Your copy should repeat each record below exactly and contain no images.

[Data extracted from a collection]
--
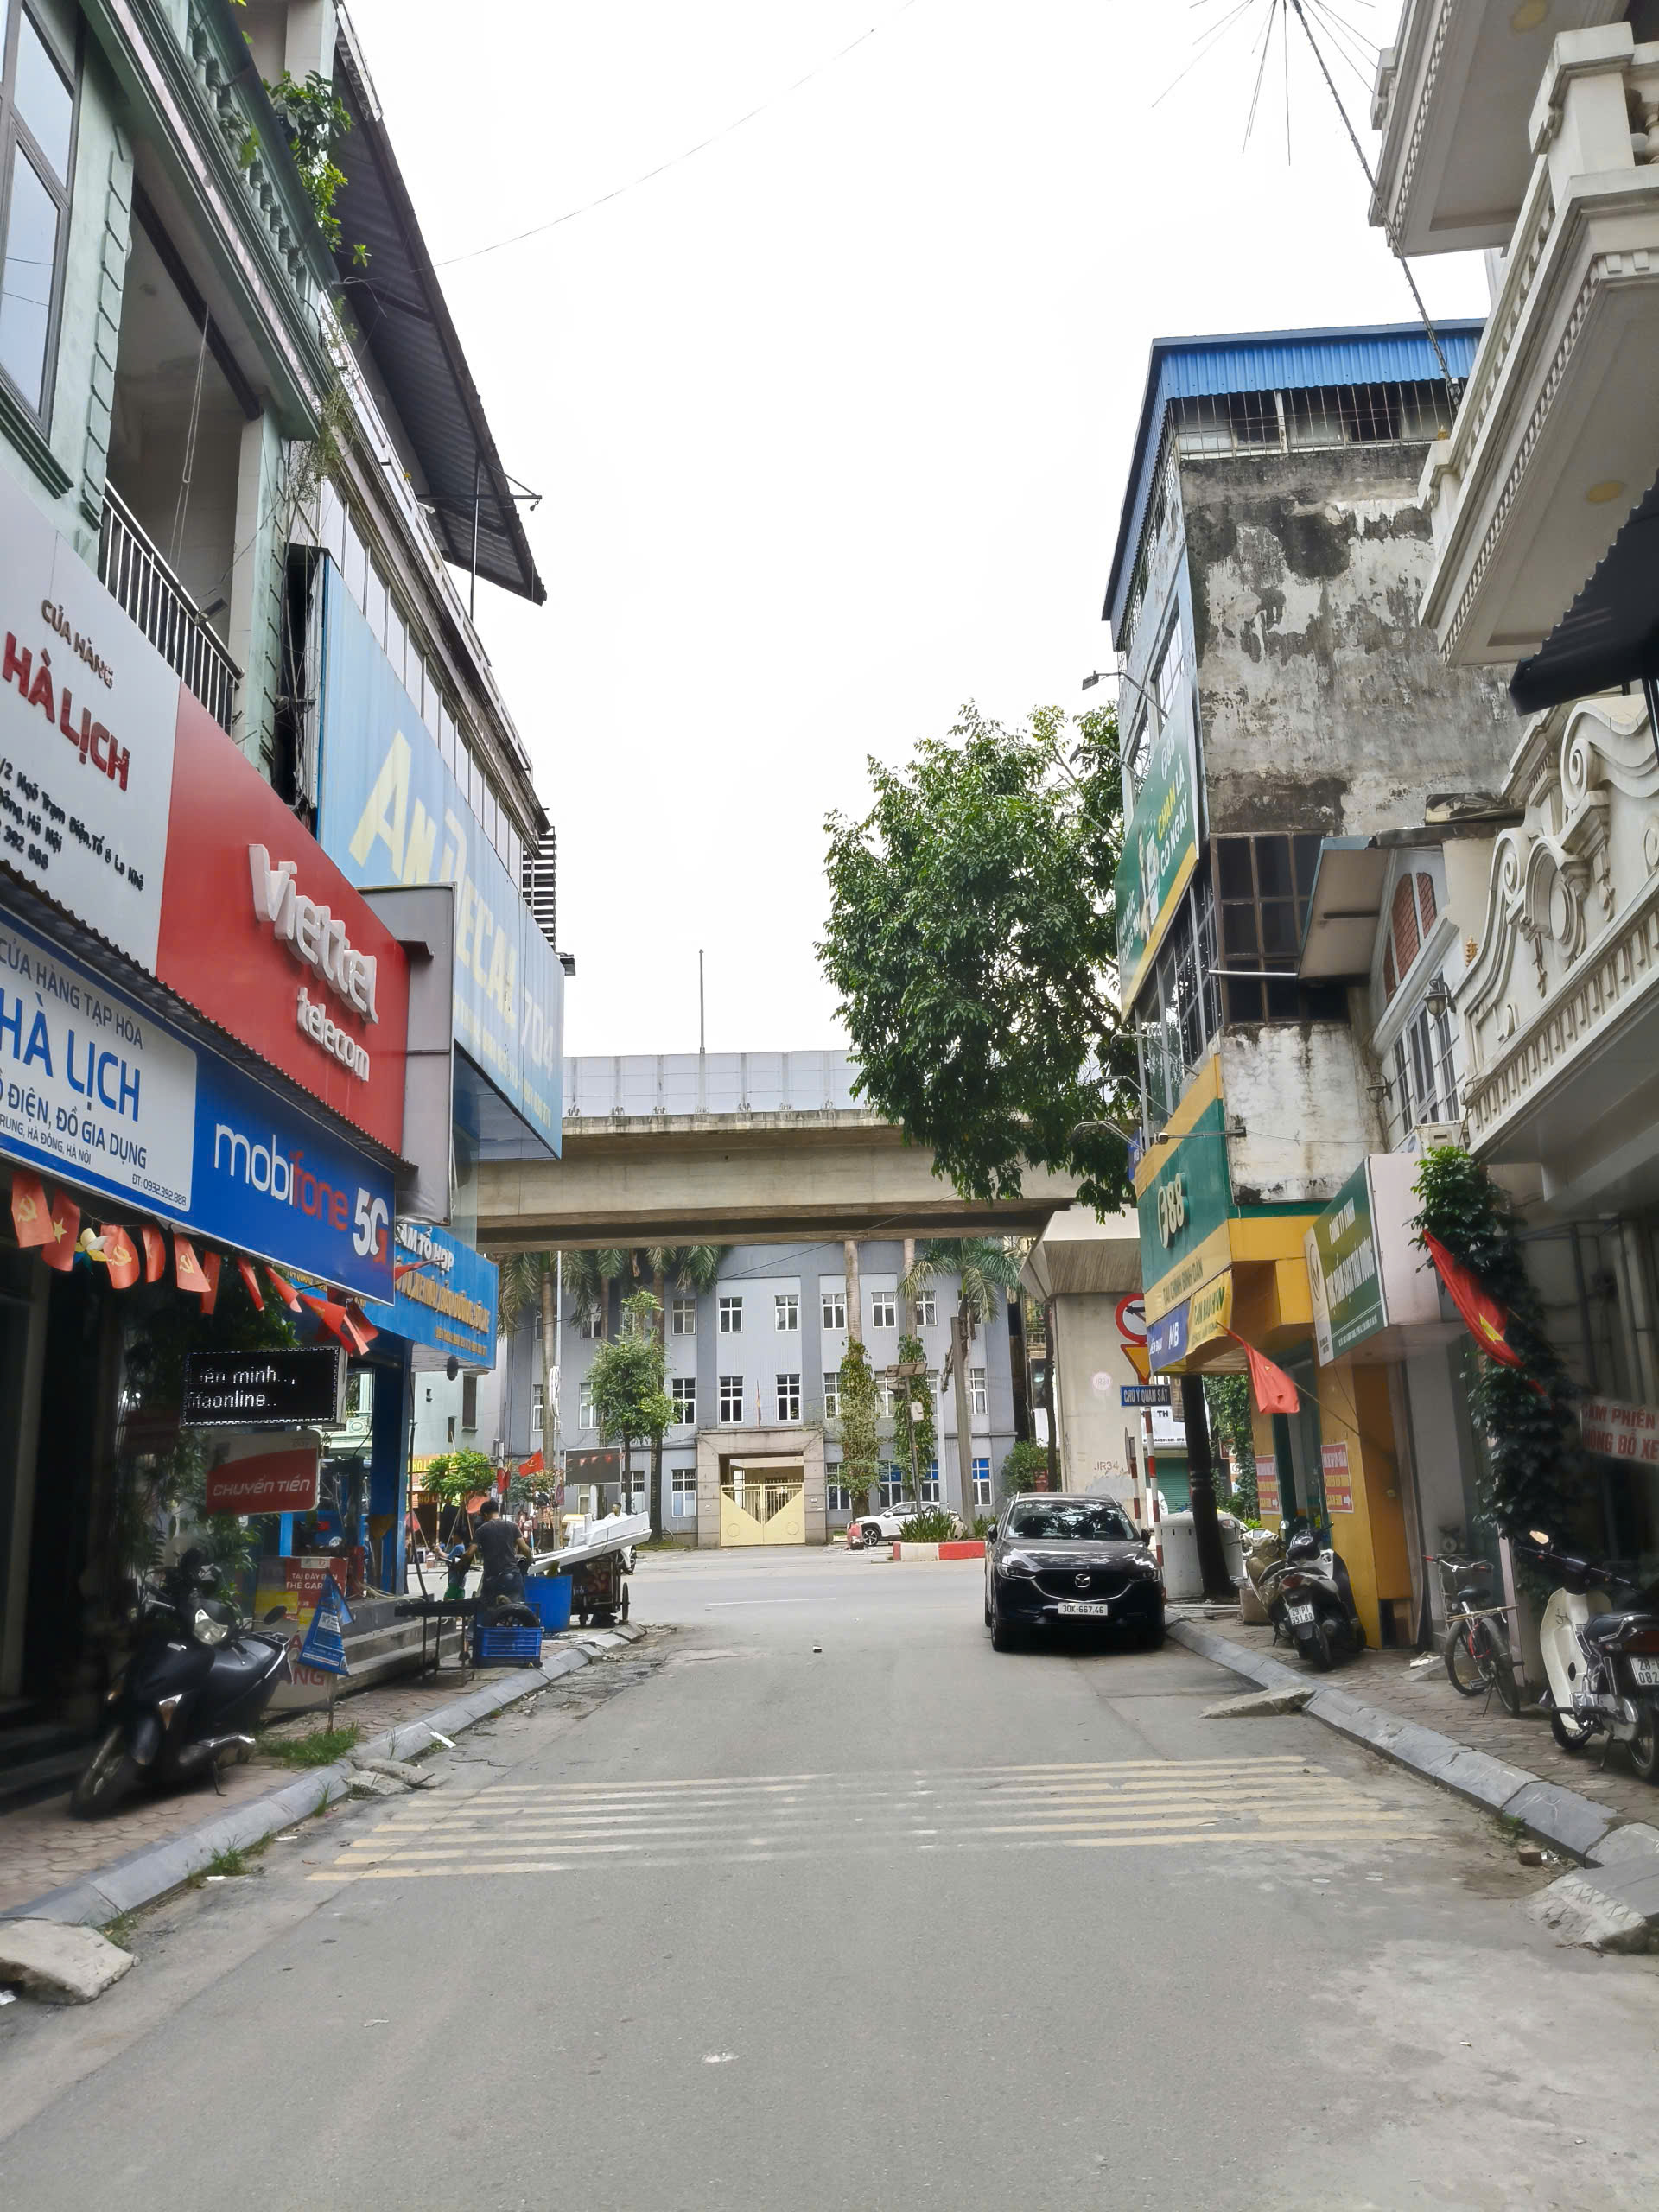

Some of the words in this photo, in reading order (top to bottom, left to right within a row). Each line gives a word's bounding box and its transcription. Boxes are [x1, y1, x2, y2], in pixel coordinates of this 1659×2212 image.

[74, 632, 114, 690] HÀNG
[3, 631, 55, 724] HÀ
[60, 687, 130, 791] LỊCH
[1170, 792, 1188, 855] NGAY
[248, 843, 379, 1025] Viettel
[35, 963, 80, 1010] HÀNG
[84, 993, 112, 1027] TẠP
[116, 1014, 143, 1051] HÓA
[296, 986, 370, 1083] telecom
[0, 986, 54, 1078] HÀ
[67, 1028, 141, 1123] LỊCH
[7, 1082, 52, 1130] ĐIỆN,
[56, 1105, 79, 1138] ĐỒ
[81, 1120, 106, 1153] GIA
[109, 1132, 147, 1171] DỤNG
[27, 1126, 39, 1142] HÀ
[40, 1132, 65, 1155] ĐÔNG,
[66, 1143, 77, 1160] HÀ
[78, 1149, 92, 1166] NỘI
[213, 1123, 350, 1232] mobifone
[353, 1187, 389, 1265] 5G
[1168, 1321, 1179, 1350] MB
[1123, 1387, 1135, 1403] CHÚ
[1141, 1389, 1157, 1404] QUAN
[1157, 1386, 1168, 1402] SÁT
[1062, 1605, 1104, 1614] 30K-667.46
--
§ RESPONSE TO THIS EXERCISE
Some of the words in this photo, in reading order (top to bottom, left to right within a row). Each line gives a word's bounding box and its transcription. Boxes are [x1, y1, x2, y2], in pixel coordinates of this 1659×2212 image.

[74, 632, 114, 690] HÀNG
[3, 631, 55, 724] HÀ
[60, 687, 130, 791] LỊCH
[1170, 792, 1188, 855] NGAY
[248, 843, 379, 1025] Viettel
[35, 963, 80, 1010] HÀNG
[84, 993, 112, 1027] TẠP
[116, 1014, 143, 1051] HÓA
[296, 986, 370, 1083] telecom
[0, 986, 54, 1078] HÀ
[67, 1028, 141, 1123] LỊCH
[7, 1082, 52, 1130] ĐIỆN,
[56, 1105, 79, 1138] ĐỒ
[81, 1120, 106, 1153] GIA
[109, 1132, 147, 1171] DỤNG
[27, 1126, 39, 1142] HÀ
[40, 1132, 65, 1155] ĐÔNG,
[66, 1143, 77, 1160] HÀ
[78, 1149, 92, 1166] NỘI
[213, 1123, 350, 1232] mobifone
[353, 1187, 389, 1265] 5G
[1168, 1321, 1179, 1350] MB
[1123, 1387, 1135, 1403] CHÚ
[1141, 1389, 1157, 1404] QUAN
[1157, 1386, 1168, 1402] SÁT
[1062, 1605, 1104, 1614] 30K-667.46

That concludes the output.